Single-cell RNA sequencing (scRNA-seq) provides high-dimensional measurements of transcript counts in individual cells. However, high assay costs and artifacts associated with analyzing samples across multiple sequencing runs limit the study of large numbers of samples. Sample multiplexing technologies such as MULTI-seq and antibody hashing using single-cell multiplexing kit (SCMK) reagents (BD Biosciences) use sample-specific sequence tags to enable individual samples to be sequenced in a pooled format, markedly lowering per-sample processing and sequencing costs while minimizing technical artifacts. Critically, however, pooling samples could introduce new artifacts, partially negating the benefits of sample multiplexing. In particular, no study to date has evaluated whether pooling peripheral blood mononuclear cells (PBMCs) from unrelated donors under standard scRNA-seq sample preparation conditions (e.g., 30 min co-incubation at 4 °C) results in significant changes in gene expression resulting from alloreactivity (i.e., response to non-self). The ability to demonstrate minimal to no alloreactivity is crucial to avoid confounded data analyses, particularly for cross-sectional studies evaluating changes in immunologic gene signatures.

Results

Here, we applied the 10x Genomics scRNA-seq platform to MULTI-seq and/or SCMK-labeled PBMCs from a single donor with and without pooling with PBMCs from unrelated donors for 30 min at 4 °C. We did not detect any alloreactivity signal between mixed and unmixed PBMCs across a variety of metrics, including alloreactivity marker gene expression in CD4+ T cells, cell type proportion shifts, and global gene expression profile comparisons using Gene Set Enrichment Analysis and Jensen-Shannon Divergence. These results were additionally mirrored in publicly-available scRNA-seq data generated using a similar experimental design.

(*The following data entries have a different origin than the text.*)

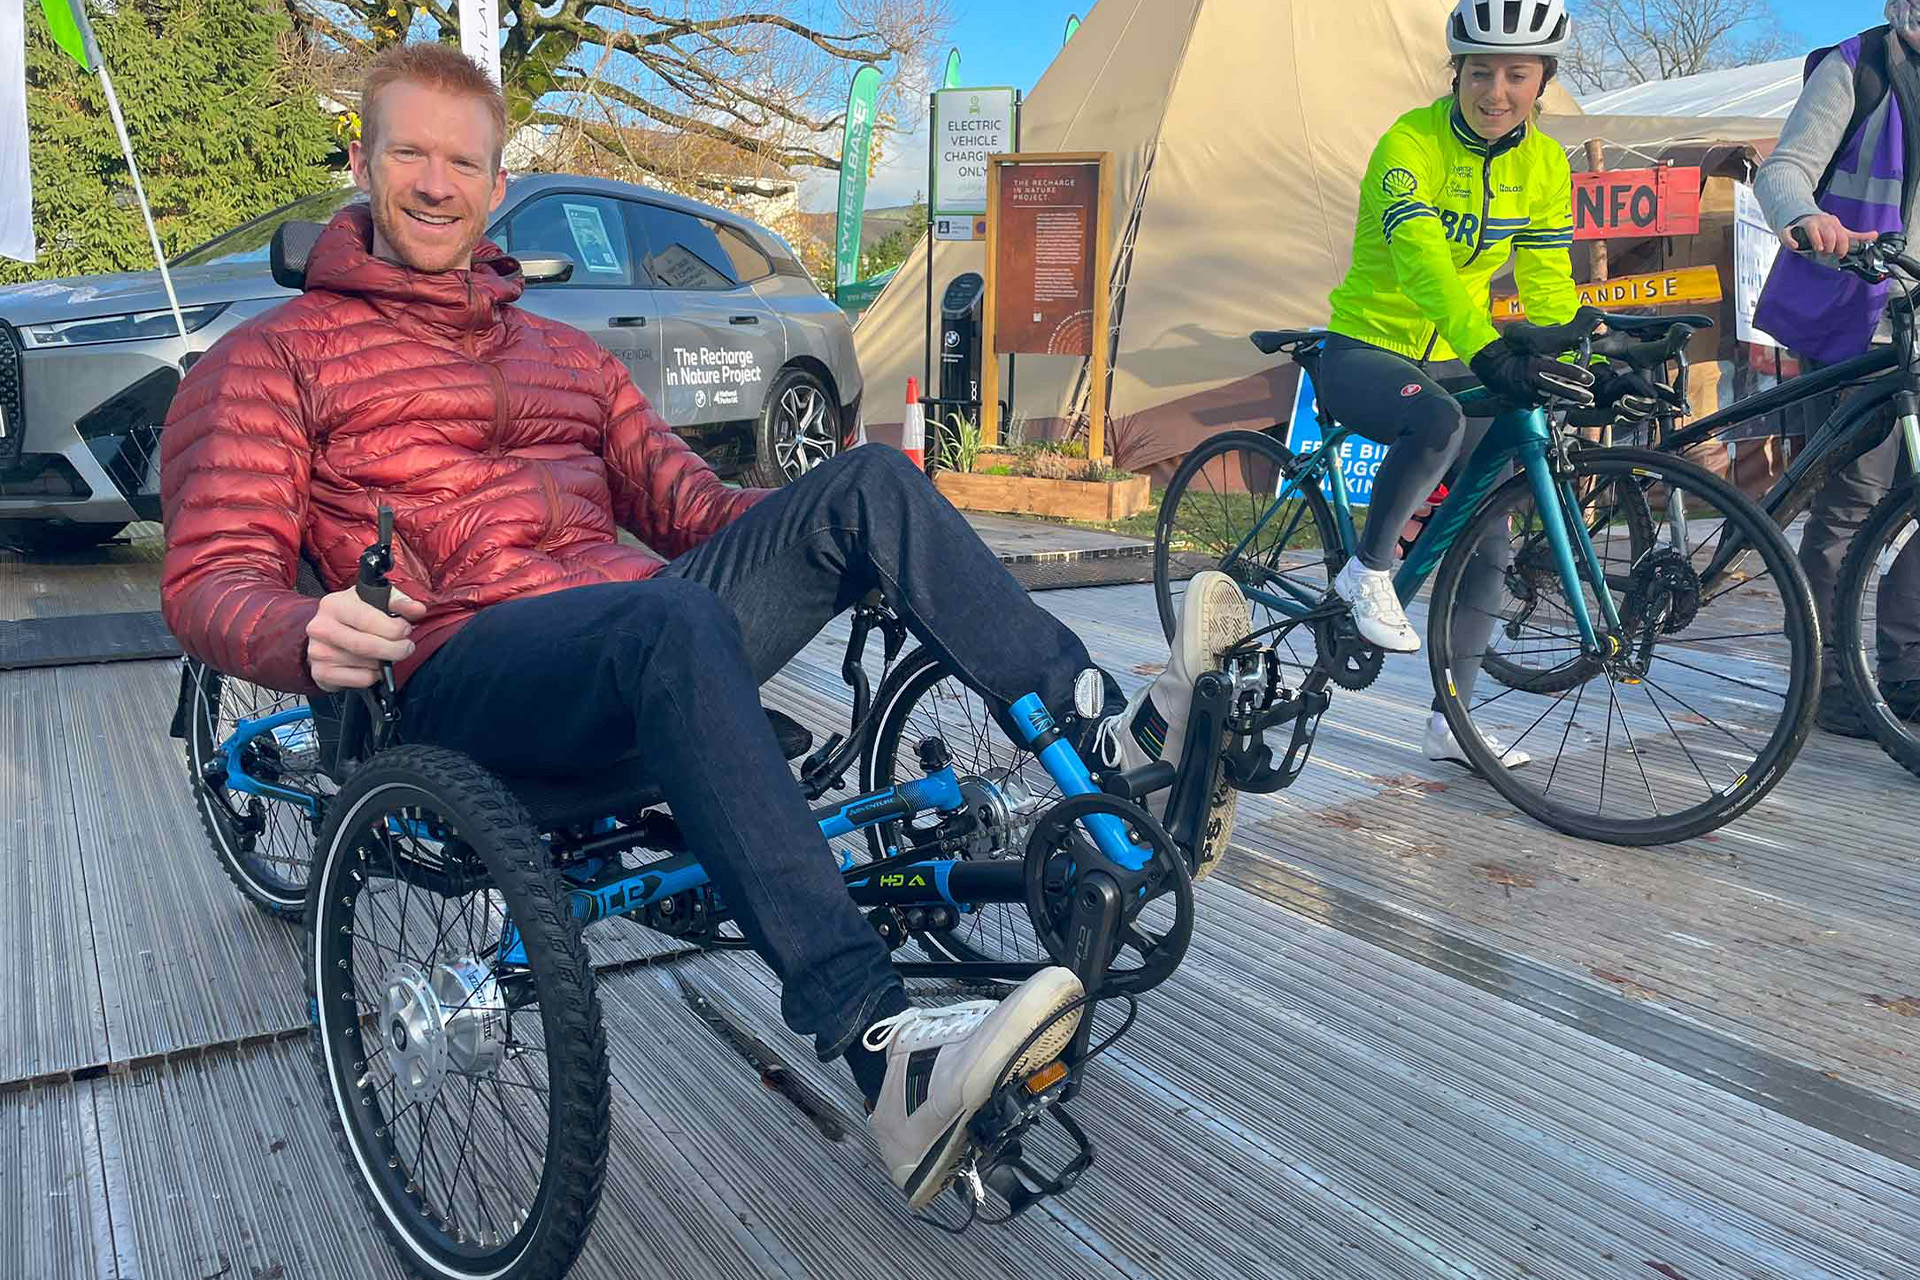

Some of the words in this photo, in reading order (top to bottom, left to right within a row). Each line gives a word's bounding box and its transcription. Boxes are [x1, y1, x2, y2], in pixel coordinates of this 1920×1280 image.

[948, 119, 1002, 132] ELECTRIC
[950, 135, 998, 147] VEHICLE
[944, 150, 1003, 162] CHARGI
[958, 166, 987, 177] ONLY
[1032, 179, 1076, 188] RECHARGE
[1025, 186, 1056, 194] NATURE
[1571, 180, 1658, 230] NFO
[1508, 277, 1679, 315] MANDISE
[673, 347, 698, 366] The
[700, 346, 754, 368] Recharge
[666, 367, 678, 386] in
[681, 366, 721, 386] Nature
[722, 365, 762, 387] Project
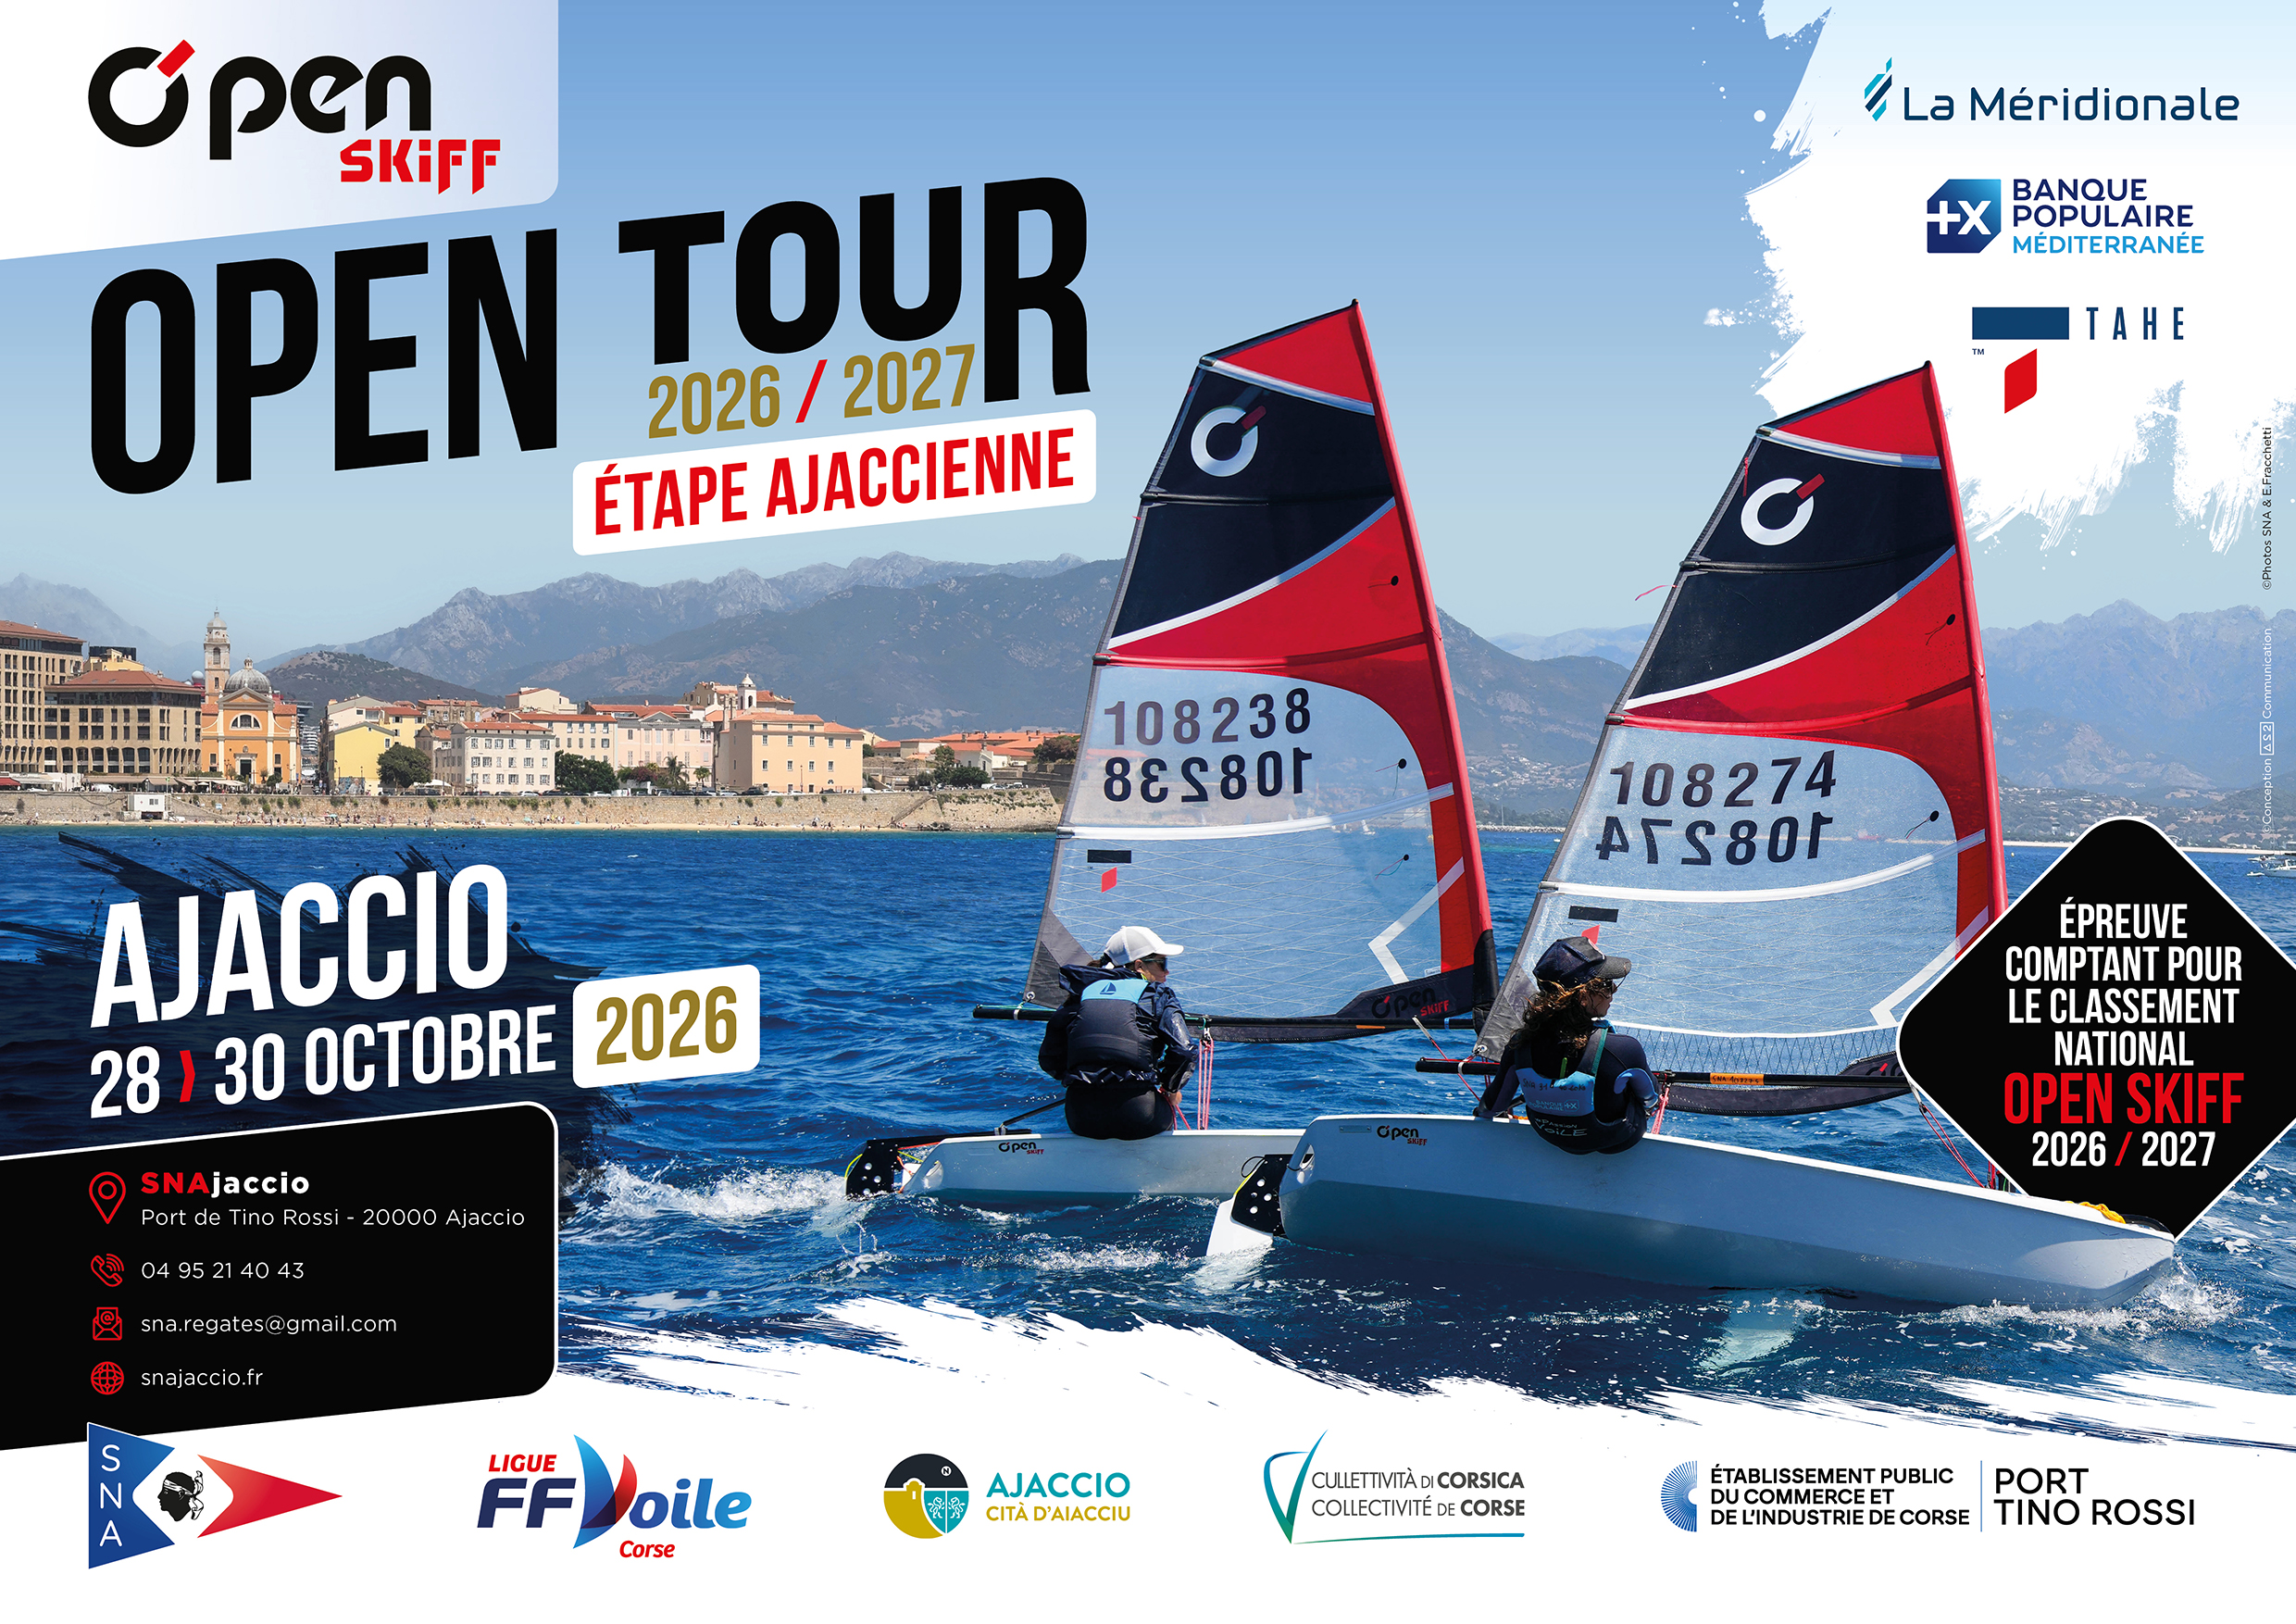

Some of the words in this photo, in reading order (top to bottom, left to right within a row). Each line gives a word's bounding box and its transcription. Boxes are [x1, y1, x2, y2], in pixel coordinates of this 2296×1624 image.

[1903, 87, 1954, 120] La
[1971, 86, 2240, 120] Méridionale
[2013, 179, 2147, 201] BANQUE
[2013, 205, 2194, 227] POPULAIRE
[2013, 231, 2204, 254] MÉDITERRANÉE
[92, 227, 557, 494] OPEN
[618, 177, 1091, 404] TOUR
[2086, 306, 2184, 340] TAHE
[648, 365, 780, 439] 2026
[795, 358, 828, 423] /
[843, 344, 976, 418] 2027
[595, 463, 747, 535] ÉTAPE
[766, 428, 1074, 518] AJACCIENNE
[1104, 688, 1311, 746] 108238
[1610, 750, 1836, 807] 108274
[2060, 897, 2188, 938] ÉPREUVE
[91, 864, 508, 1028] AJACCIO
[2005, 946, 2159, 981] COMPTANT
[2168, 946, 2242, 981] POUR
[2009, 988, 2040, 1023] LE
[2050, 988, 2240, 1023] CLASSEMENT
[595, 985, 737, 1066] 2026
[91, 1045, 160, 1119] 28
[215, 1032, 285, 1106] 30
[305, 1004, 556, 1095] OCTOBRE
[2054, 1031, 2193, 1066] NATIONAL
[2004, 1072, 2112, 1124] OPEN
[2127, 1072, 2244, 1124] SKIFF
[2032, 1131, 2105, 1167] 2026
[2115, 1131, 2133, 1167] /
[2141, 1131, 2215, 1167] 2027
[141, 1172, 310, 1198] SNAjaccio
[142, 1209, 186, 1226] Port
[194, 1209, 220, 1226] de
[229, 1209, 274, 1226] Tino
[283, 1209, 339, 1226] Rossi
[362, 1209, 437, 1226] 20000
[445, 1208, 525, 1229] Ajaccio
[142, 1262, 170, 1280] 04
[178, 1262, 205, 1280] 95
[212, 1262, 232, 1280] 21
[240, 1262, 269, 1280] 40
[277, 1262, 305, 1280] 43
[141, 1316, 397, 1335] sna.regates@gmail.com
[141, 1368, 263, 1389] snajaccio.fr
[489, 1454, 556, 1472] LIGUE
[1710, 1463, 1877, 1484] ÉTABLISSEMENT
[1880, 1468, 1953, 1484] PUBLIC
[986, 1472, 1130, 1499] AJACCIO
[1311, 1467, 1416, 1490] CULLETTIVITÀ
[1421, 1475, 1434, 1489] DI
[1438, 1471, 1525, 1490] CORSICA
[1995, 1468, 2089, 1494] PORT
[1311, 1494, 1432, 1518] COLLECTIVITÉ
[1437, 1503, 1455, 1517] DE
[1460, 1499, 1526, 1518] CORSE
[1710, 1489, 1741, 1505] DU
[1743, 1489, 1866, 1505] COMMERCE
[1871, 1489, 1894, 1505] ET
[985, 1502, 1027, 1522] CITÀ
[1710, 1509, 1739, 1526] DE
[1868, 1509, 1895, 1526] DE
[1899, 1509, 1970, 1526] CORSE
[1993, 1499, 2080, 1526] TINO
[2091, 1499, 2195, 1526] ROSSI
[618, 1540, 676, 1558] Corse
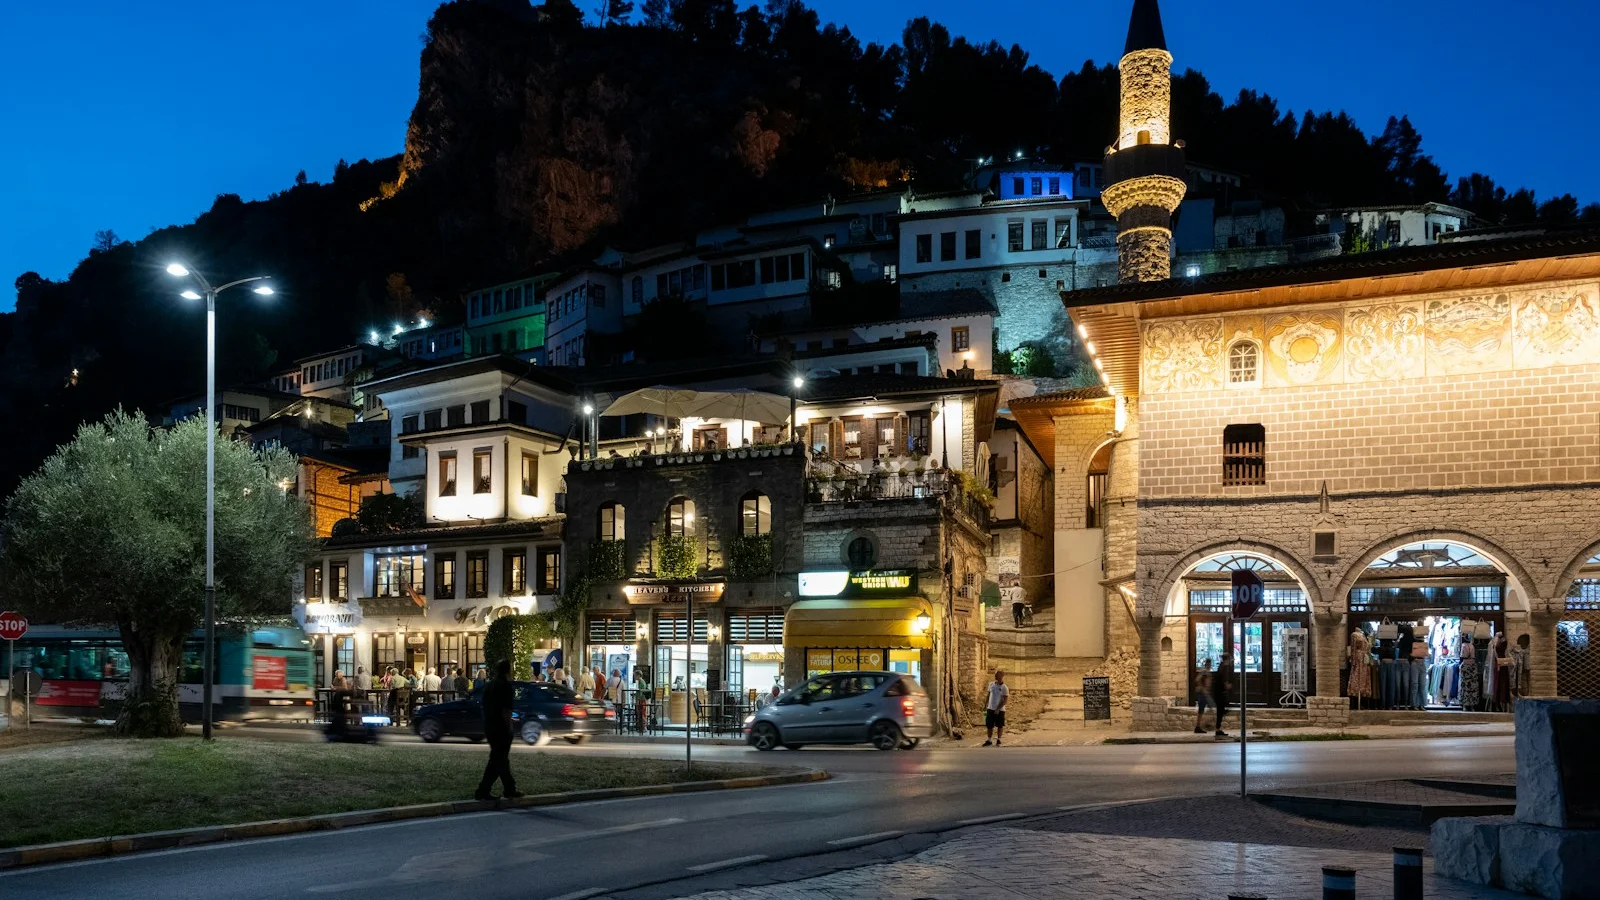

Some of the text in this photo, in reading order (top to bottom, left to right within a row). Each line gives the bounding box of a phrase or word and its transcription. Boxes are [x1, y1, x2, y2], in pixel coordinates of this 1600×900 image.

Moreover, we identified confounding gene expression signatures linked to PBMC preparation method (e.g., Trima apheresis), as well as SCMK sample classification biases against activated CD4+ T cells which were recapitulated in two other SCMK-incorporating scRNA-seq datasets.

Conclusions

We demonstrate that (i) mixing PBMCs from unrelated donors under standard scRNA-seq sample preparation conditions (e.g., 30 min co-incubation at 4 °C) does not cause an allogeneic response, and (ii) that Trima apheresis and PBMC sample multiplexing using SCMK reagents can introduce undesirable technical artifacts into scRNA-seq data. Collectively, these observations establish important benchmarks for future cross-sectional immunological scRNA-seq experiments.